株式市場は日々異なった様相を見せ、それだけにどこで買ってどこで売ればいいのか、最初の内は迷うものです。
売買のタイミングというのは利益・損失に直結してくるため、投資において非常に重要なポイントの1つだと言えるでしょう。
そこで今回は「どこで買えばいいか?」という疑問を解決するヒントになる、格言を見ていきましょう。
■「ショック安こそ最大の買い場」とは
「ショック安」とは、株式市場が織り込んでいなかった悪材料が出てきたことで、株価が暴落することを指す言葉です。
古くは1929年の世界恐慌に始まり、1971年のニクソンショック、そしてバブル崩壊やリーマンショック…というように、株式市場は過去に多くの暴落相場を経験してきました。
そしてその暴落に巻き込まれ、投資資金を一気に失い退場、更には信用取引をしていたため借金まで負うことになってしまった、という個人投資家の事例も枚挙にいとまがありません。
「ショック安こそ最大の買い場」という言葉は、そういった暴落相場こそが天与の買いタイミングである、ということを意味するものです。
大きな下落相場では売りが売りを呼ぶ展開となり、追証の発生による強制決済や相場心理の悪化により必要以上に株価が下がることがあります。
またその下落要因に全く関係のない銘柄さえも下げる展開となることが多く、虎視眈々とその暴落を予想し、前もって大きく値下がりしたところで買う計画を立てている投資家たちも存在します。
例えば、過去のショック安の事例である2008年に起きたリーマンショックを見てみると、米国株式市場は2008年の終わりにかけて大きな下落相場となるも、その後は大きな上昇トレンドを描いています。
(NYダウ 月足チャート)
チャートだけを見れば、リーマンショックという暴落相場は「ショック安こそ最大の買い場」という格言通り絶好の買いタイミングであったと言えます。
一例だけを見てその考え方を妄信するのは危険ですが、あらかじめ大きな下落に対しどう行動するかを想定しておくことは重要な意味を持つでしょう。
■その銘柄の暴落はショック安に関係あるのか?
暴落相場では一気に相場の心理状態が悪化するため、「もっと下がるんじゃないか」「これはやばいのではないか」と考える投資家の売りが殺到します。
またアルゴリズムによる機械的な売り、そして追証による強制決済などで業種・市場に関係なく多くの銘柄が値下がりすることがあるのがショック安相場です。
しかし考えてみると、例えばアメリカ発の経済不安によるショック安が起きたとしても、日本の会社がその影響をどう受けるか、というのは銘柄や業種によって異なってきます。

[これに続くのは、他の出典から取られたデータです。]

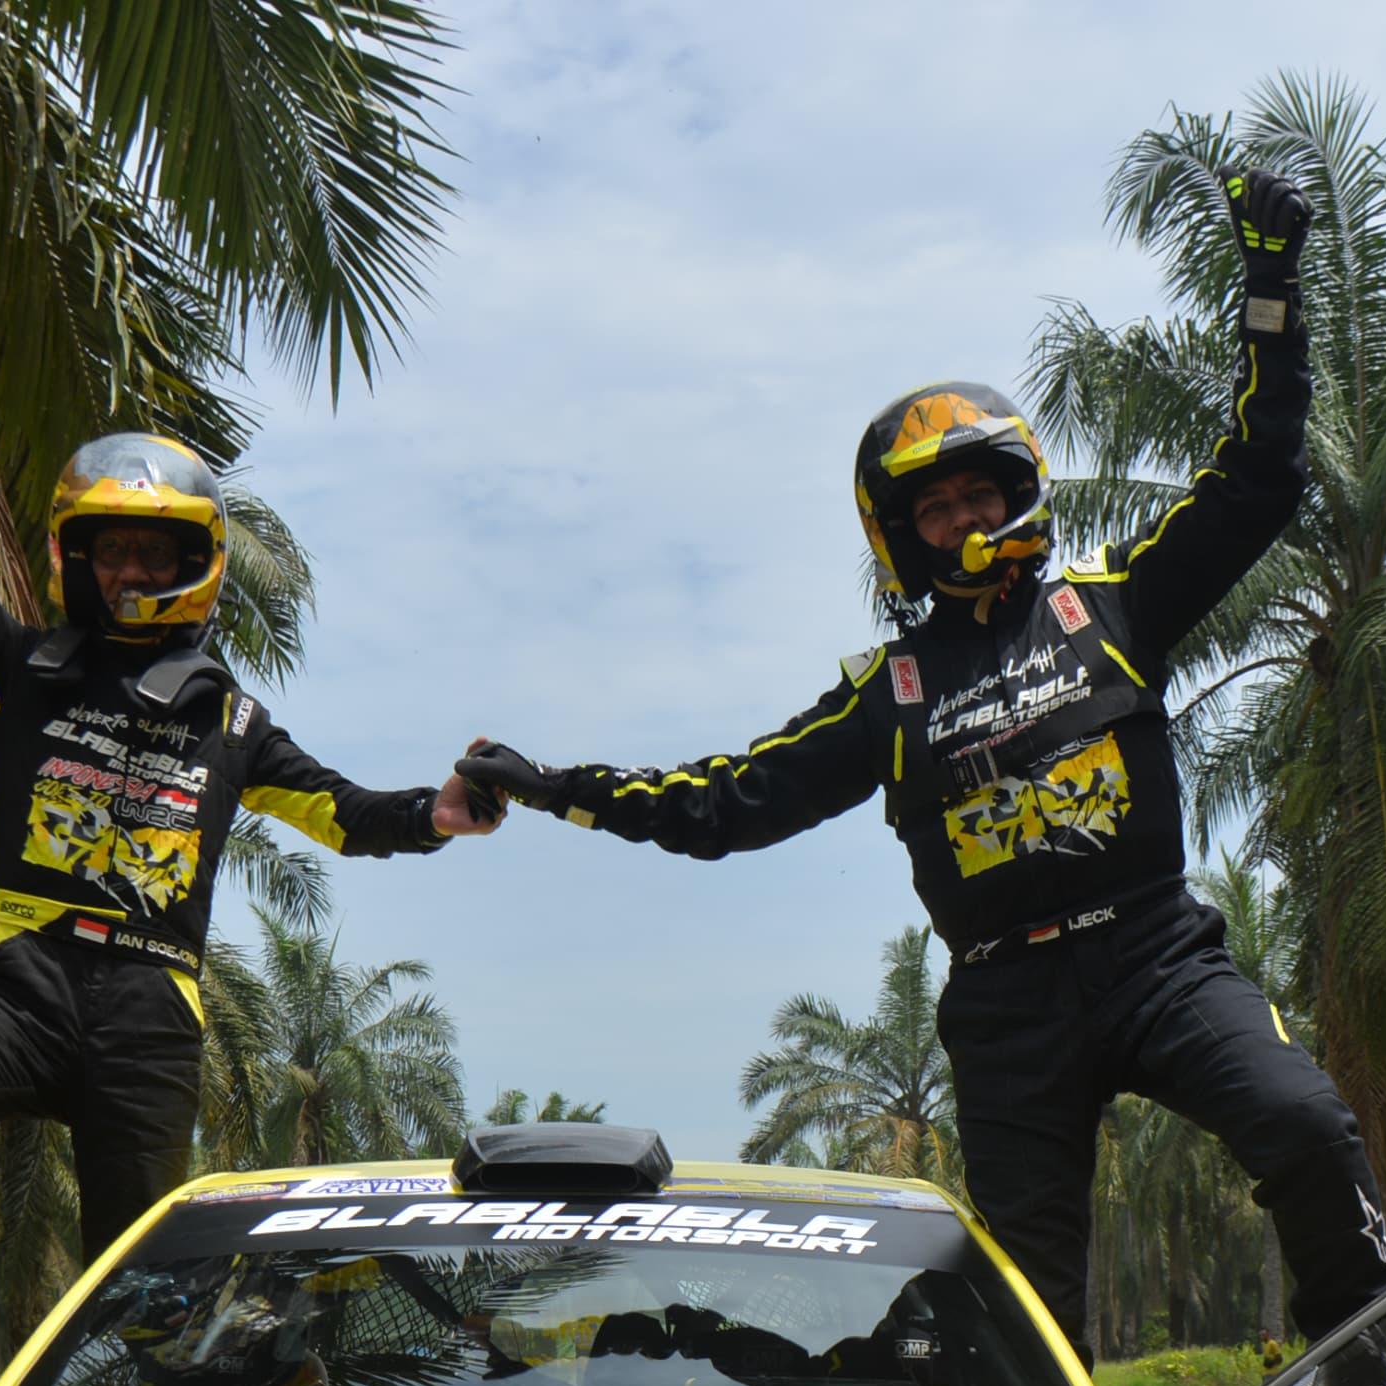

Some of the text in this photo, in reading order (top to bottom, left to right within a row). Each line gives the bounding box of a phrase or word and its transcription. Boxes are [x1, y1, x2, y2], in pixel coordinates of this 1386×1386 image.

[1068, 905, 1117, 931] IJECK
[115, 931, 144, 950] IAN
[247, 1202, 878, 1240] BLABLABLA
[492, 1223, 878, 1255] MOTORSPORT
[894, 1341, 931, 1357] OMP
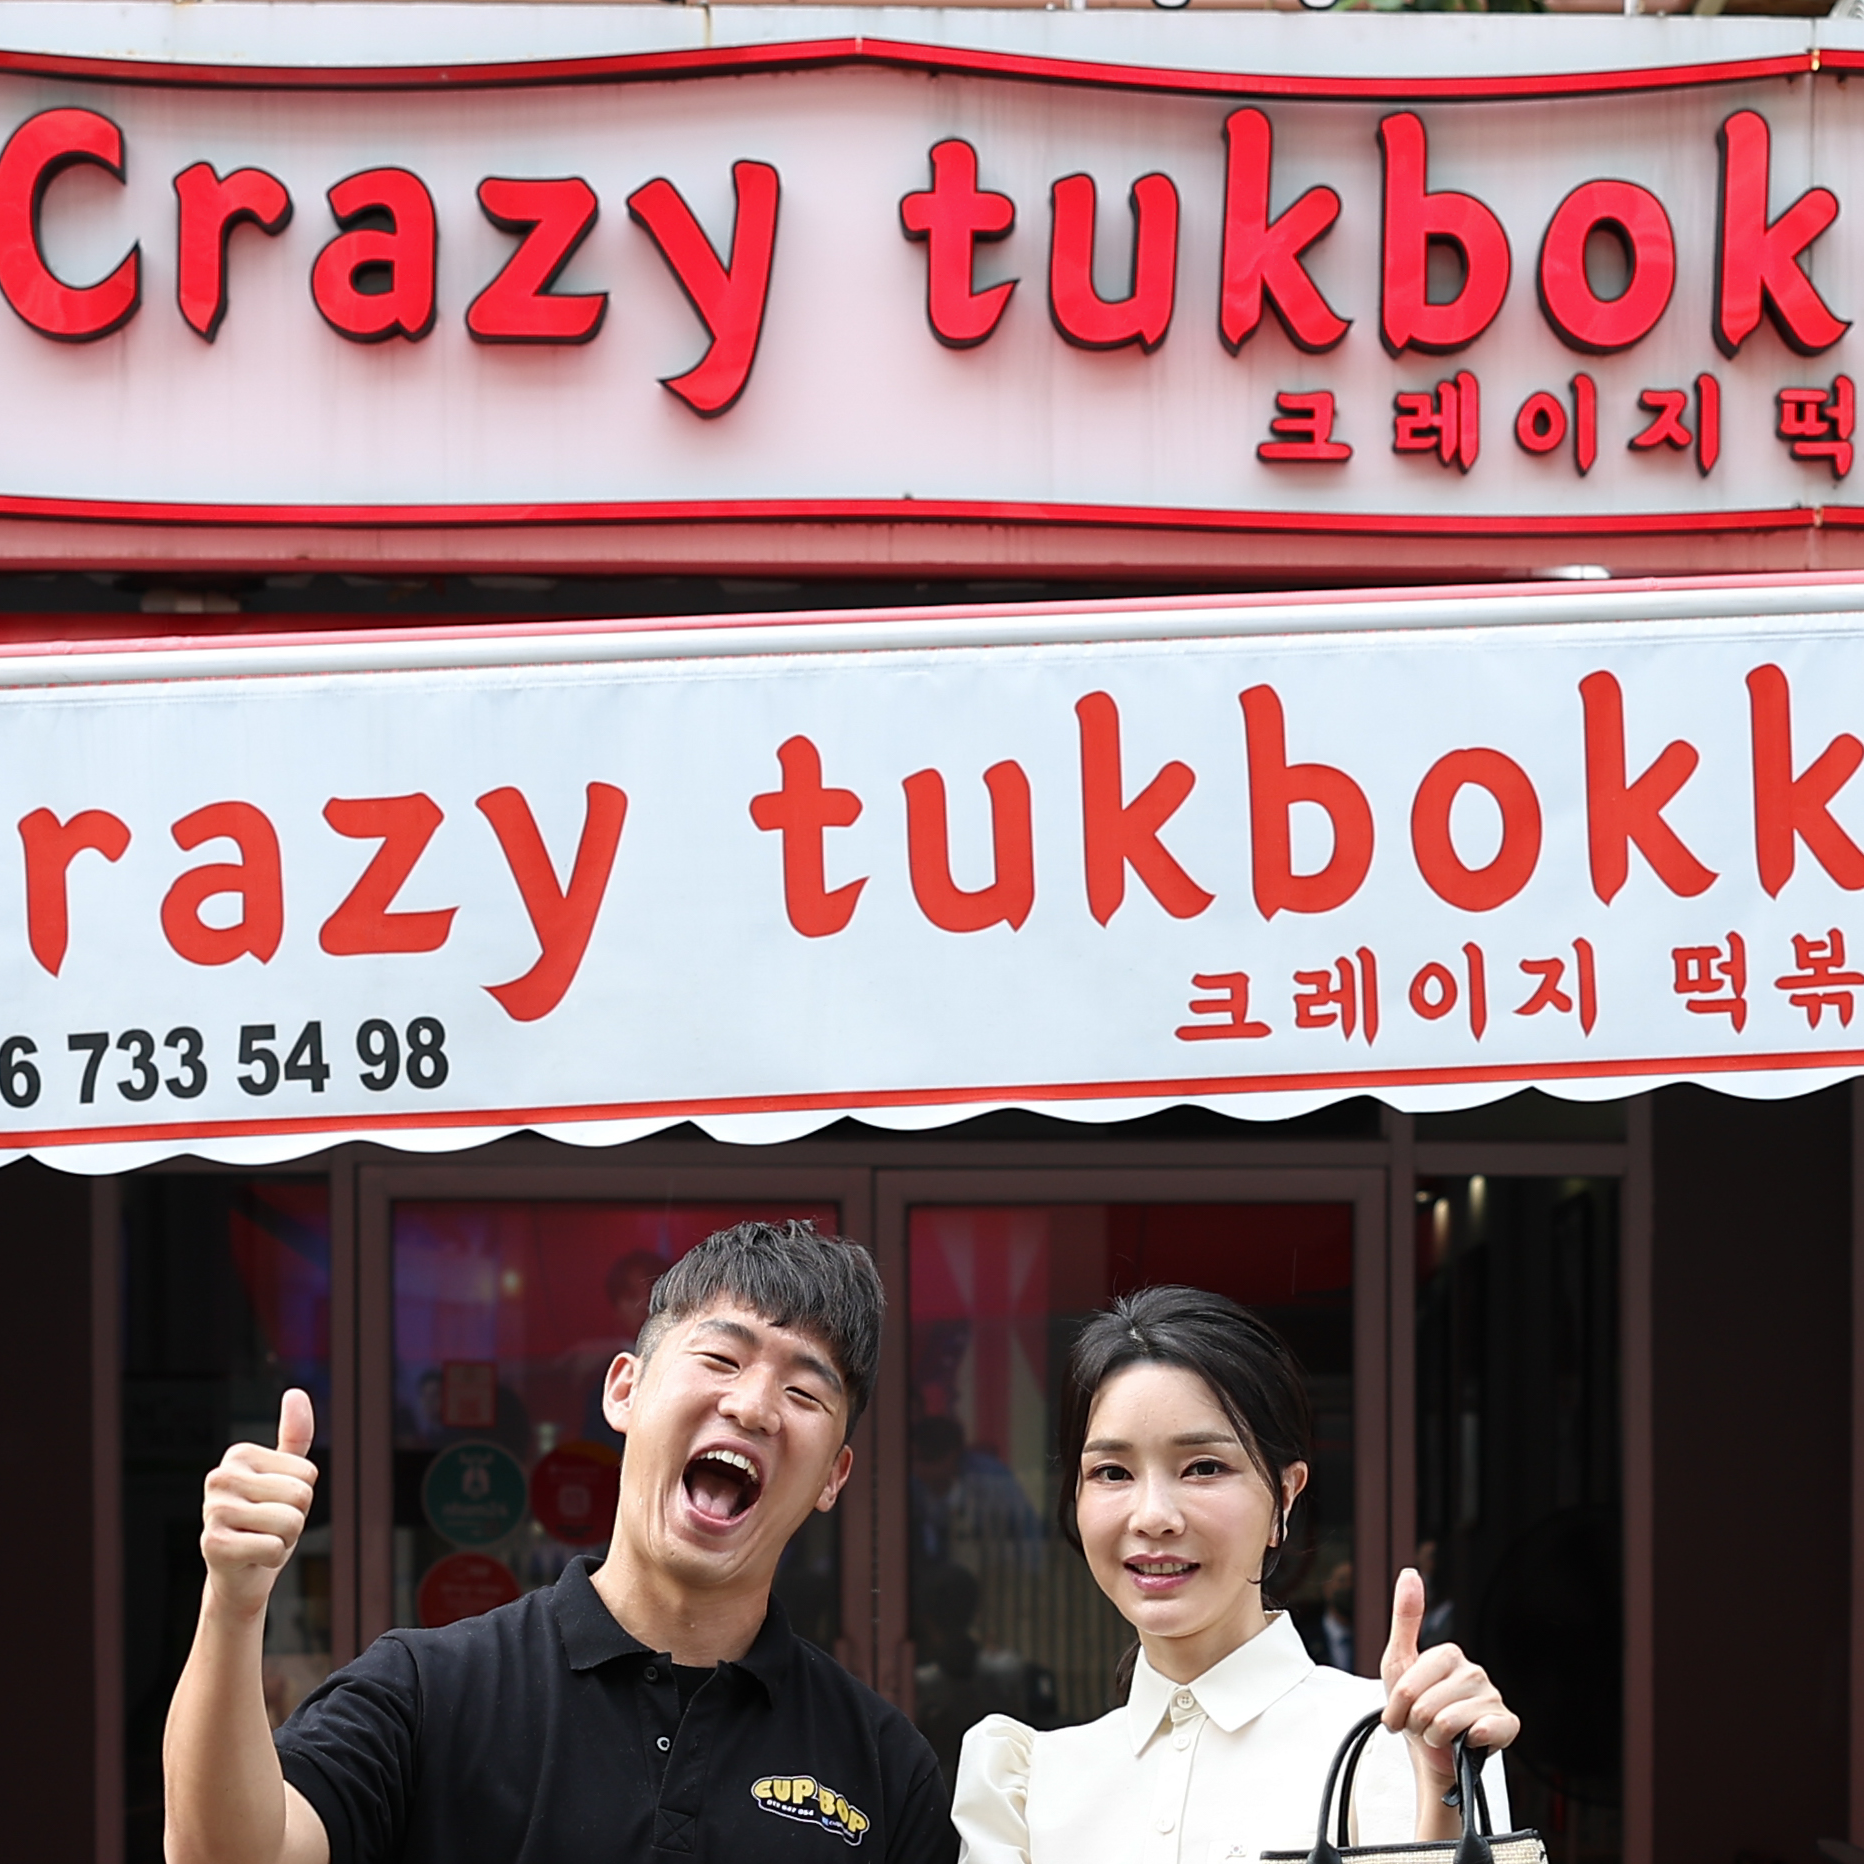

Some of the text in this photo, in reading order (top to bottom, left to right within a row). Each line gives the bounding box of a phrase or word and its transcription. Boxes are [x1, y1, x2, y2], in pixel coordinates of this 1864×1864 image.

[1174, 936, 1598, 1047] 크레이지
[66, 1026, 208, 1104] 733
[237, 1020, 330, 1096] 54
[356, 1015, 449, 1091] 98
[752, 1778, 816, 1805] CUP
[818, 1788, 868, 1833] BOP

市場が全面安の中でもプラスで推移している銘柄は買い、ということを意味する「暴落相場の赤札銘柄は買い」という言葉もあります。
ショック安というのは急に起こることではなく、何らかの前兆があり、それが一気に表面化することによって起きるものです。
前もって市場に疑いの目を持ち、どんな動きにも対応できるようにしておくことで、急な下げにもある程度冷静に動くことが出来るでしょう。
またそういった下落相場では下げているのをいいことに空売りを行うトレーダーも必ず出てきます。
空売りの買戻し、またはその空売りの踏み上げとなるような上昇を後からする銘柄もありますので、やはり予めリサーチしておくことが大事になります。
■1つの考え方に固執することは危険
しかし暴落に関する考え方には、大きな売りに対して逆張りをすべきではないとする「落ちてくるナイフはつかむな」という相場格言や「二番底を試す」というものもあります。
また損をしたからといってムキになって買い向かうことは絶対に避けなければなりません。
前述したように、大きく下げているから買い場と考えるのではなく、あくまでもそれは1つの視点として見ておくことが大事でしょう。
結局はそれまでに積み上げてきた経験や考え方がものをいうと言えます。
相場の中で常日頃から先の動きを自分の頭で考えて備えておくことが重要であると言えるでしょう。